_TO DO_
Write out each entry below exactly. Do not include the images.

(Collected data)
================
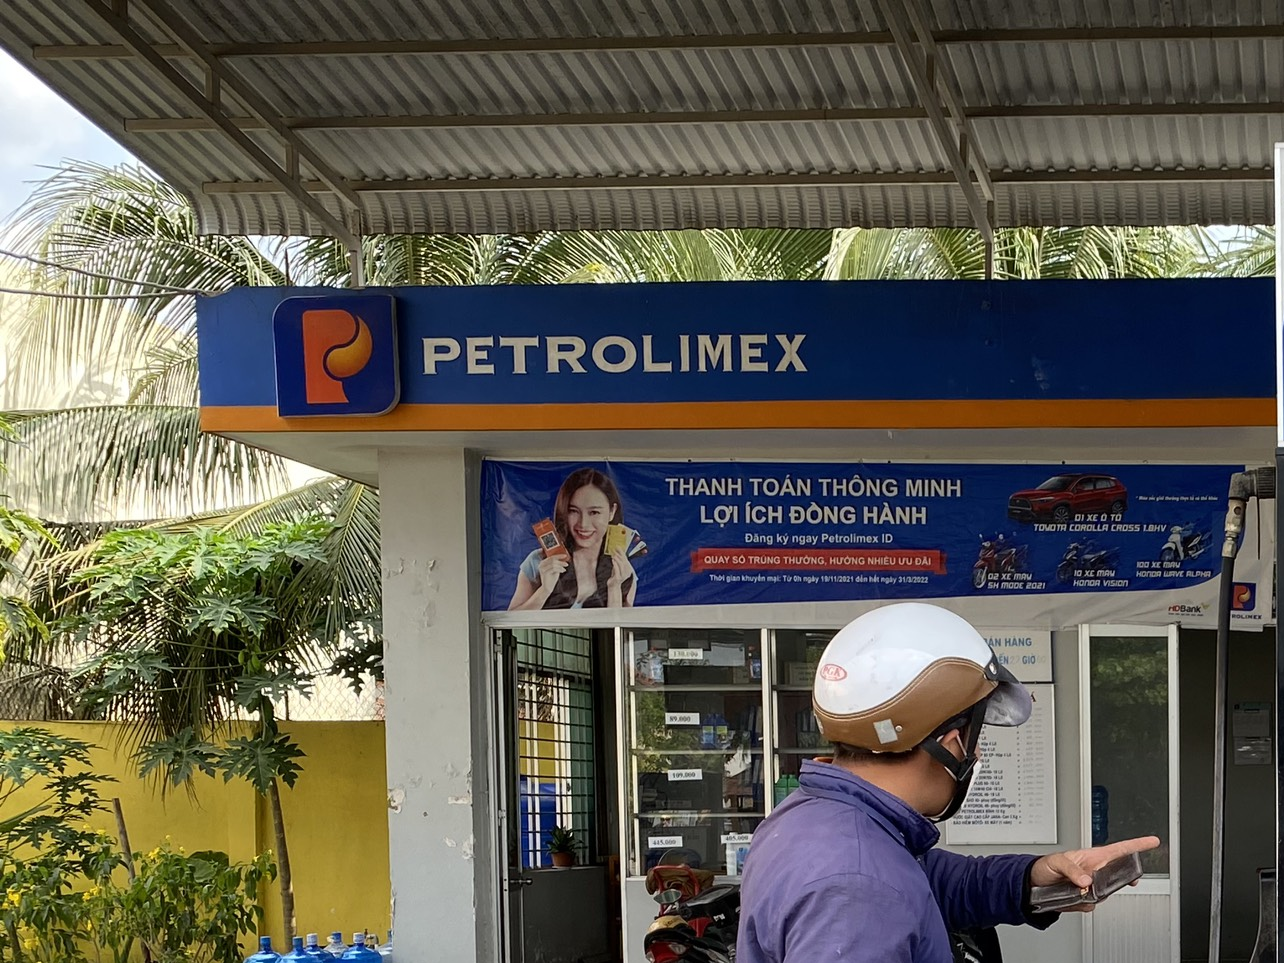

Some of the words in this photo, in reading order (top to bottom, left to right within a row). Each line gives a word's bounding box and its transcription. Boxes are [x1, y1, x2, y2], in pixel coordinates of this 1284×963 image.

[421, 333, 808, 375] PETROLIMEX
[665, 478, 742, 496] THANH
[750, 475, 811, 496] TOÁN
[818, 475, 898, 497] THÔNG
[905, 479, 962, 497] MINH
[700, 505, 739, 528] LỢI
[745, 502, 783, 524] ÍCH
[789, 502, 856, 524] ĐỒNG
[863, 503, 927, 525] HÀNH
[1033, 524, 1067, 532] TOYOTA
[1069, 524, 1109, 532] COROLLA
[1111, 524, 1141, 532] CROSS
[745, 533, 773, 545] Đăng
[776, 532, 789, 545] ký
[792, 534, 818, 545] ngay
[821, 533, 879, 543] Petrolimex
[881, 533, 893, 543] ID
[704, 556, 730, 565] QUAY
[1005, 635, 1032, 647] HÀNG
================
_RESPONSE TO THE TASK_
Some of the words in this photo, in reading order (top to bottom, left to right within a row). Each line gives a word's bounding box and its transcription. Boxes are [x1, y1, x2, y2], in pixel coordinates of this 1284×963 image.

[421, 333, 808, 375] PETROLIMEX
[665, 478, 742, 496] THANH
[750, 475, 811, 496] TOÁN
[818, 475, 898, 497] THÔNG
[905, 479, 962, 497] MINH
[700, 505, 739, 528] LỢI
[745, 502, 783, 524] ÍCH
[789, 502, 856, 524] ĐỒNG
[863, 503, 927, 525] HÀNH
[1033, 524, 1067, 532] TOYOTA
[1069, 524, 1109, 532] COROLLA
[1111, 524, 1141, 532] CROSS
[745, 533, 773, 545] Đăng
[776, 532, 789, 545] ký
[792, 534, 818, 545] ngay
[821, 533, 879, 543] Petrolimex
[881, 533, 893, 543] ID
[704, 556, 730, 565] QUAY
[1005, 635, 1032, 647] HÀNG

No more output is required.